In-situ study of Bacterial Cell Wall Disruption

Antimicrobial resistance is a growing global threat, projected to cause 10 million deaths annually by 2050. To develop better treatments, it is essential to understand how antibiotics interact with bacterial cells, particularly their cell walls. In gram-positive bacteria like Staphylococcus aureus, survival depends on the structural integrity of the peptidoglycan (PG) layer. ß-lactam antibiotics target and disrupt PG synthesis, but their effectiveness drops in stationary phase, when cells undergo significant physiological changes in response to nutrient limitation. Two main mechanisms may explain this reduced antibiotic susceptibility.
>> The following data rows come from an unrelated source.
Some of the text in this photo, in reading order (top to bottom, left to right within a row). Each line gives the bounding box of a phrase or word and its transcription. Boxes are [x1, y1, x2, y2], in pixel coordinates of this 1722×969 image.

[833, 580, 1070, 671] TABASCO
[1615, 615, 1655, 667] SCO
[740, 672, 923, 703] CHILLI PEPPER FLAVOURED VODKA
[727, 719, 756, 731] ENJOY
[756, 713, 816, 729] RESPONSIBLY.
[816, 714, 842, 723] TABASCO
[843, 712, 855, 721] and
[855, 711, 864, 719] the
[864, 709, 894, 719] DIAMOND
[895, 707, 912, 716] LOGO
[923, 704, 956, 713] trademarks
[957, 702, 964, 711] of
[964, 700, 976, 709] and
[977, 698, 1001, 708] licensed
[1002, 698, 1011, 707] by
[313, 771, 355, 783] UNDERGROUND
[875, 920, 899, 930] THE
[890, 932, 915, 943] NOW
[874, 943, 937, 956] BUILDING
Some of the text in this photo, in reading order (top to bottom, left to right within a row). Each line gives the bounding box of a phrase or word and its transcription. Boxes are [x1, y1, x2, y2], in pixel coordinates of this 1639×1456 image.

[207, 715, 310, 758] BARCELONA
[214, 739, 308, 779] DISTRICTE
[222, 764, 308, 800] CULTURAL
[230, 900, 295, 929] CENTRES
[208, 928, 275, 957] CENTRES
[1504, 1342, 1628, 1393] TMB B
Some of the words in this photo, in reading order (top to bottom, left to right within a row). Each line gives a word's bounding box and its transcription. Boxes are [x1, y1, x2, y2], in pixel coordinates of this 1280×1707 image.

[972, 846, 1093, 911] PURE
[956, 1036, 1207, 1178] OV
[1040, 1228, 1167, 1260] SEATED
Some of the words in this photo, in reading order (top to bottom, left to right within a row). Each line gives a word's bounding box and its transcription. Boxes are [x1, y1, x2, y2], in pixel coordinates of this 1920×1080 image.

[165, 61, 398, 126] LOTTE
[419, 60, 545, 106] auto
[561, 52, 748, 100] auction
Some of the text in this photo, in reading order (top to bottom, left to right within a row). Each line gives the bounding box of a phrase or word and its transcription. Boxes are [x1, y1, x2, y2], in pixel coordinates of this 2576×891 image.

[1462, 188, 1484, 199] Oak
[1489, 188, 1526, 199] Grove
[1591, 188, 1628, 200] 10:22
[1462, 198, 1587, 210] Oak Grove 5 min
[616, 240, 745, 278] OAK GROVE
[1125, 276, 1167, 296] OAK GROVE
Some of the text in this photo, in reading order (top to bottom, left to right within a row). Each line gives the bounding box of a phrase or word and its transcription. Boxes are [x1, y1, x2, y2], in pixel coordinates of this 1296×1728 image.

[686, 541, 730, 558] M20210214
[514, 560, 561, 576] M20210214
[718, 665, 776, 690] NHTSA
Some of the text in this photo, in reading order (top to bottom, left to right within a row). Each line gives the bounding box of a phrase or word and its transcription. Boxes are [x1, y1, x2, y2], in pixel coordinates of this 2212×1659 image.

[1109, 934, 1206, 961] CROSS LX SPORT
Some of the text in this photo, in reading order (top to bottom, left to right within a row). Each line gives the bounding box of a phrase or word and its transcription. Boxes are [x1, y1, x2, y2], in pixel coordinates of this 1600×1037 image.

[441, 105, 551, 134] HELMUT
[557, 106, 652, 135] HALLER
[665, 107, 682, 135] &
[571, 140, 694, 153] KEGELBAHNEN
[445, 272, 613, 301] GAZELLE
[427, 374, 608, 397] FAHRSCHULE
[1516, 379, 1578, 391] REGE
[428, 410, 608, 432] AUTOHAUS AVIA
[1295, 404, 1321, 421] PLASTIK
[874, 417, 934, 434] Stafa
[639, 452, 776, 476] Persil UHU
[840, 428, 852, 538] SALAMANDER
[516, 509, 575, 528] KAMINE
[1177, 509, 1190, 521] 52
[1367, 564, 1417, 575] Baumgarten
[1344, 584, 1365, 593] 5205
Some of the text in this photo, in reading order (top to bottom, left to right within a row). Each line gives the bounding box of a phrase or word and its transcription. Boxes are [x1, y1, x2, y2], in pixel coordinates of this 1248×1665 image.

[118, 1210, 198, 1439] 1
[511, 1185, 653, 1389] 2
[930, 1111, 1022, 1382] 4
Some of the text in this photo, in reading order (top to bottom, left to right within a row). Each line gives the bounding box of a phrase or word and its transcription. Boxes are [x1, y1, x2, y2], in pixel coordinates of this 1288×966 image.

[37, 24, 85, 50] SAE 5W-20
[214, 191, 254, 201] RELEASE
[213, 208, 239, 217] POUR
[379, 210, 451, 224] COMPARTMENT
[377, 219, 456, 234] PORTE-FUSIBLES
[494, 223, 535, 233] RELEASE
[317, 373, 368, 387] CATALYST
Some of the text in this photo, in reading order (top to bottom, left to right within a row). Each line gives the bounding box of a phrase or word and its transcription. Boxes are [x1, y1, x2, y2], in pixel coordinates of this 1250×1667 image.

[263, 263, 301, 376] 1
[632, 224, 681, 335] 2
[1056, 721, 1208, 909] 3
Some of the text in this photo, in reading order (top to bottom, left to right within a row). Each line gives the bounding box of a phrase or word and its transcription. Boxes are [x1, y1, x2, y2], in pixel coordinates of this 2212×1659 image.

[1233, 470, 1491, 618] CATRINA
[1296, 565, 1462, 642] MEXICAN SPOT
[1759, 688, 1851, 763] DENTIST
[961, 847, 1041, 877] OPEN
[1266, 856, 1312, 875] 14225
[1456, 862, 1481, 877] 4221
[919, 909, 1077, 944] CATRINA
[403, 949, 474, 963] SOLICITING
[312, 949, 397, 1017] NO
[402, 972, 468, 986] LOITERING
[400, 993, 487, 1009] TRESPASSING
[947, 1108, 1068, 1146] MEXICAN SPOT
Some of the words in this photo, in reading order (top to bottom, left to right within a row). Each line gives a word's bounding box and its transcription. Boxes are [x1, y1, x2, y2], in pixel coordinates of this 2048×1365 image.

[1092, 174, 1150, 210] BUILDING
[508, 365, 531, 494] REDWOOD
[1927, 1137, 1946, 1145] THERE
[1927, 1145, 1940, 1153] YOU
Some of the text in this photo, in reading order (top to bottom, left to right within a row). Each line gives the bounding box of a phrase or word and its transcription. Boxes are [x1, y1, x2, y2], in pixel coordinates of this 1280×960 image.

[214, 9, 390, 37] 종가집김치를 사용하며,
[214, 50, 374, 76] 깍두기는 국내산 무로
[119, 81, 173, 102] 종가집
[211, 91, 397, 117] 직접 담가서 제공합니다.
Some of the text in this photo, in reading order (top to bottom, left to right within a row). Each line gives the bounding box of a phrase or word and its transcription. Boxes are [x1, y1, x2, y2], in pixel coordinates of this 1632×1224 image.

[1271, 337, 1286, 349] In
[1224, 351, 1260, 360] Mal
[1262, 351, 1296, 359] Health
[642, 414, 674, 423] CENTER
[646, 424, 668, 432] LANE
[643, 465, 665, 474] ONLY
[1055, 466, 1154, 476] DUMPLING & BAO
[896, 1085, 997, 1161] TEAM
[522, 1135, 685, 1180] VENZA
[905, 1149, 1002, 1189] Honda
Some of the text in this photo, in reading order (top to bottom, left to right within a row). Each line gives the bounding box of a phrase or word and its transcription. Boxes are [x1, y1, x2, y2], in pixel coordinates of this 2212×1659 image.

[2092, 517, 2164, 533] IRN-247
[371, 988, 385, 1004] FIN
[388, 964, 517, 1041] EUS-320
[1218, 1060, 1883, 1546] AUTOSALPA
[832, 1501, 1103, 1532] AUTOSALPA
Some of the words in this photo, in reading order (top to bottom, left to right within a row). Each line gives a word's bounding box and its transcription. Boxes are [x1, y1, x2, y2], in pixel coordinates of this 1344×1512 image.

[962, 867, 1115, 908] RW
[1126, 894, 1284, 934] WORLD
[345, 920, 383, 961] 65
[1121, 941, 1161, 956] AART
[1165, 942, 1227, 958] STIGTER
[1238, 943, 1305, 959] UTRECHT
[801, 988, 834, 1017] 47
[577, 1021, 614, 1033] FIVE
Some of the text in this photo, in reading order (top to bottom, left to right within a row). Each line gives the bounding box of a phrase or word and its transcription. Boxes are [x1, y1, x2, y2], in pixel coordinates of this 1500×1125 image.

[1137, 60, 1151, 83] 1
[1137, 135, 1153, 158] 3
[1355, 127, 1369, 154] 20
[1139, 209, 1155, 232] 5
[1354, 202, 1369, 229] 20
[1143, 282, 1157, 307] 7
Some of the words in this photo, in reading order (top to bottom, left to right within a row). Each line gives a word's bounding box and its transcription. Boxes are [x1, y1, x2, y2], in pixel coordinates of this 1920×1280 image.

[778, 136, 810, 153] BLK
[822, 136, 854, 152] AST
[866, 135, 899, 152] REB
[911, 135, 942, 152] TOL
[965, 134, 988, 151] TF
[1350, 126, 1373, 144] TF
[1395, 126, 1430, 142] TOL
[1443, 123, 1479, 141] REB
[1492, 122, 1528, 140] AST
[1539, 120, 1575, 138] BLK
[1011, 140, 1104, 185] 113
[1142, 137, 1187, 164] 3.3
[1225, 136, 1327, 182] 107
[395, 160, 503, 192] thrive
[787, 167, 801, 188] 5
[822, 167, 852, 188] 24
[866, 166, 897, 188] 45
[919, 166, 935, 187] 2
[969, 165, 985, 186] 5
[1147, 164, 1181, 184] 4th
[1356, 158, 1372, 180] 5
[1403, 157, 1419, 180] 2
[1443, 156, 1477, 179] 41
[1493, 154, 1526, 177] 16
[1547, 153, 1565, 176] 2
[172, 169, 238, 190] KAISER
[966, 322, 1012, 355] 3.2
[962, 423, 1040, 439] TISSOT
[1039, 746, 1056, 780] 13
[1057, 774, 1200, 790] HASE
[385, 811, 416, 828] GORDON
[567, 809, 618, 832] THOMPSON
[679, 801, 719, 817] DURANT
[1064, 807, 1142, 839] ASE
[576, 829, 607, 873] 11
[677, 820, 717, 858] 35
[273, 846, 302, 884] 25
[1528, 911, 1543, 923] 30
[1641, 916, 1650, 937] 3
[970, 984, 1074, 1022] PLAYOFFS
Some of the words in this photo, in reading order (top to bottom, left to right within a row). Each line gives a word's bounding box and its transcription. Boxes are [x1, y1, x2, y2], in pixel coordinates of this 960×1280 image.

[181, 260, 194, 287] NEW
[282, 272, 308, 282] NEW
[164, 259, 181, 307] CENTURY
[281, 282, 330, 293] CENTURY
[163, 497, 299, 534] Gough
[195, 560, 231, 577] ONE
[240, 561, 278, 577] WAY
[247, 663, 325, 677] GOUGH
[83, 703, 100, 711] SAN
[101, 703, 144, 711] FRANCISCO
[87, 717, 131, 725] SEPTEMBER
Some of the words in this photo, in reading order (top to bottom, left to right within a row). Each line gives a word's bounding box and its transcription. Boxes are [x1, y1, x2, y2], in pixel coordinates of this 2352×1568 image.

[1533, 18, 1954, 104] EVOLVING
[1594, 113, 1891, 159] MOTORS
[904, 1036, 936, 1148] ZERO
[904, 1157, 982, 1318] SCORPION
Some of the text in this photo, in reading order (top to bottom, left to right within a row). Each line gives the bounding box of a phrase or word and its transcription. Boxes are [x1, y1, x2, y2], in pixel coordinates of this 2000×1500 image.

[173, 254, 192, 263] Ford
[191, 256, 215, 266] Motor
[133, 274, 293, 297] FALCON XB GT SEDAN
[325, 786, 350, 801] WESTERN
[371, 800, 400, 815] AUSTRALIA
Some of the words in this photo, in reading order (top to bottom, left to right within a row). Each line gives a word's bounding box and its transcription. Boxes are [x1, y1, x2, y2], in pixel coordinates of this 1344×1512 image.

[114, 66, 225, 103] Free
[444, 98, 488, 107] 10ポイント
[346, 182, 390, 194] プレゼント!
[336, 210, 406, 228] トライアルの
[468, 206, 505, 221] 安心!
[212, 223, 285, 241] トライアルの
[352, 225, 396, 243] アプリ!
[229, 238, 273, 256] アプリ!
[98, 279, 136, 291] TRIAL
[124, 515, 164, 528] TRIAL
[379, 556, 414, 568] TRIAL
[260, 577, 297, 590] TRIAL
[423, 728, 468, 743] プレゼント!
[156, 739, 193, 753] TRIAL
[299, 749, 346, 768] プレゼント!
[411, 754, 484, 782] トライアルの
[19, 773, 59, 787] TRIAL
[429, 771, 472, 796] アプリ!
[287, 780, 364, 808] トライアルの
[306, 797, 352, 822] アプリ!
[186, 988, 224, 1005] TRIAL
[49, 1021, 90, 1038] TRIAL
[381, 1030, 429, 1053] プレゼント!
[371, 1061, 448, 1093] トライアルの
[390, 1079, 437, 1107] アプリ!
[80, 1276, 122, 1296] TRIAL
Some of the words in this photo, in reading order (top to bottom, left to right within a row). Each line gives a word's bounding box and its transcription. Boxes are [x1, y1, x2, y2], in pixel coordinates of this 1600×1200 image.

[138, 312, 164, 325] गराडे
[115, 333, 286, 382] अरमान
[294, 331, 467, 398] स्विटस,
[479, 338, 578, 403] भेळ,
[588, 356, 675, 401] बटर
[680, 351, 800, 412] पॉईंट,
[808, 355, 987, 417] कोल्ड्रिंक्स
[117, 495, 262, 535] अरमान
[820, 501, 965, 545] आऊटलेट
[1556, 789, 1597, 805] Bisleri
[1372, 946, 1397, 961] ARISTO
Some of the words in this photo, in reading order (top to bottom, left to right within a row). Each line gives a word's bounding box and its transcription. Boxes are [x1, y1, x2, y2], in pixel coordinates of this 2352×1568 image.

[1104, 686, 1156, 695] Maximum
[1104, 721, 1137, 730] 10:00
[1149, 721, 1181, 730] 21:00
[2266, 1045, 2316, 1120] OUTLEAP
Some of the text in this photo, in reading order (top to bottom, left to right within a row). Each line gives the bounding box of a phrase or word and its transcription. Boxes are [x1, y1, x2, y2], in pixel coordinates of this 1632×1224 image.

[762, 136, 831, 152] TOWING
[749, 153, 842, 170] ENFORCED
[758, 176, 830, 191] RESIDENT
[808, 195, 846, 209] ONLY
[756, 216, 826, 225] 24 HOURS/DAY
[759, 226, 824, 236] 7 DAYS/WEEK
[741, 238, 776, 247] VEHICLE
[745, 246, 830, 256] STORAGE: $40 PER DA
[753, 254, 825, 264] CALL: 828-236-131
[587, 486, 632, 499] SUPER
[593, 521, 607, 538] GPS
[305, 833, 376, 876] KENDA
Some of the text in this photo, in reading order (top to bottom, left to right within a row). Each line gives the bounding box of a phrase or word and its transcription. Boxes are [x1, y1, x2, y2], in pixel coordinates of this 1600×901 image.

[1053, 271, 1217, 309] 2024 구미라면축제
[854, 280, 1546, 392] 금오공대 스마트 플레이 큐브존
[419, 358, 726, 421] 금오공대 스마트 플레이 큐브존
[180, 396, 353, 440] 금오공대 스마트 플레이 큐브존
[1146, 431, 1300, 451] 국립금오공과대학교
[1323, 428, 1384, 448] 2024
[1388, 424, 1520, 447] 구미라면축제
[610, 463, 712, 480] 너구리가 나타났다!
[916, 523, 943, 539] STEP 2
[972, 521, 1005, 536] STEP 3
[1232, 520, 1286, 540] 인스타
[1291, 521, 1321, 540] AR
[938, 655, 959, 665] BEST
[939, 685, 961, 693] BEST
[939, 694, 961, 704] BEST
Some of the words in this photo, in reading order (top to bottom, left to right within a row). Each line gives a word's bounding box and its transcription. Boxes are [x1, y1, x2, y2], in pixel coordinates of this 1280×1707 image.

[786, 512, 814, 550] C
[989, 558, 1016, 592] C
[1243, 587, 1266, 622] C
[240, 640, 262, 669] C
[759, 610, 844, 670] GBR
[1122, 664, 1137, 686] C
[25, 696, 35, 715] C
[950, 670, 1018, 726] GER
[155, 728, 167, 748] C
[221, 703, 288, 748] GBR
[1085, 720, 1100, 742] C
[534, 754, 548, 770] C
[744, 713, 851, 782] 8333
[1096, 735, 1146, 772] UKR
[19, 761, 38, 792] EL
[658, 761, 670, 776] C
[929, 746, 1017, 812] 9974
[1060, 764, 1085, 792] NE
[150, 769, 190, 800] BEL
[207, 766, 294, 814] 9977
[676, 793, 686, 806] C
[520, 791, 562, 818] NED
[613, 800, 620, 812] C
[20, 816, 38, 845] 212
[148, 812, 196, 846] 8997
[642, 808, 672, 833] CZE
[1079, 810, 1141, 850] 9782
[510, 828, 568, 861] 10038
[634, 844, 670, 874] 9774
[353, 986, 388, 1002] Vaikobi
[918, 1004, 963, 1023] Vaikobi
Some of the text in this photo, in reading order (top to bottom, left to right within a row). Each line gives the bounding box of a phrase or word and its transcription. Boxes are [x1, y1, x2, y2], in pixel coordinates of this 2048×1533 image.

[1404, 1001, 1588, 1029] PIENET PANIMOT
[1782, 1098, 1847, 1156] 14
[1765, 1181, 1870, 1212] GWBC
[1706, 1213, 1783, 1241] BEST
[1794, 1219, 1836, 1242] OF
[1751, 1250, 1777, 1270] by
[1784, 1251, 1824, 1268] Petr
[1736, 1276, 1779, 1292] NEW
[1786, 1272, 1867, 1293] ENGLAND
First, nutrient stress may trigger the Stringent Response, a signalling cascade regulated by (pp)pGpp and c-diAMP, which downregulates PG synthesis and other growth-related processes. Second, WalKR, essential for regulating PG hydrolases may be suppressed during stationary phase, reducing PG turnover, leading to a thickened cell walls. Building on previous beamtime, where we characterised PG integrity and cell volume changes across bacterial growth stages, we now propose in-situ measurements on live S. aureus cells. We will monitor PG layer changes in real-time comparing exponential and stationary phases, untreated and antibiotic-treated cells, and mutants lacking either WalKR or the Stringent Response. These experiments will reveal how bacterial cell walls adapt to antibiotics and stress, guiding future strategies to combat AMR.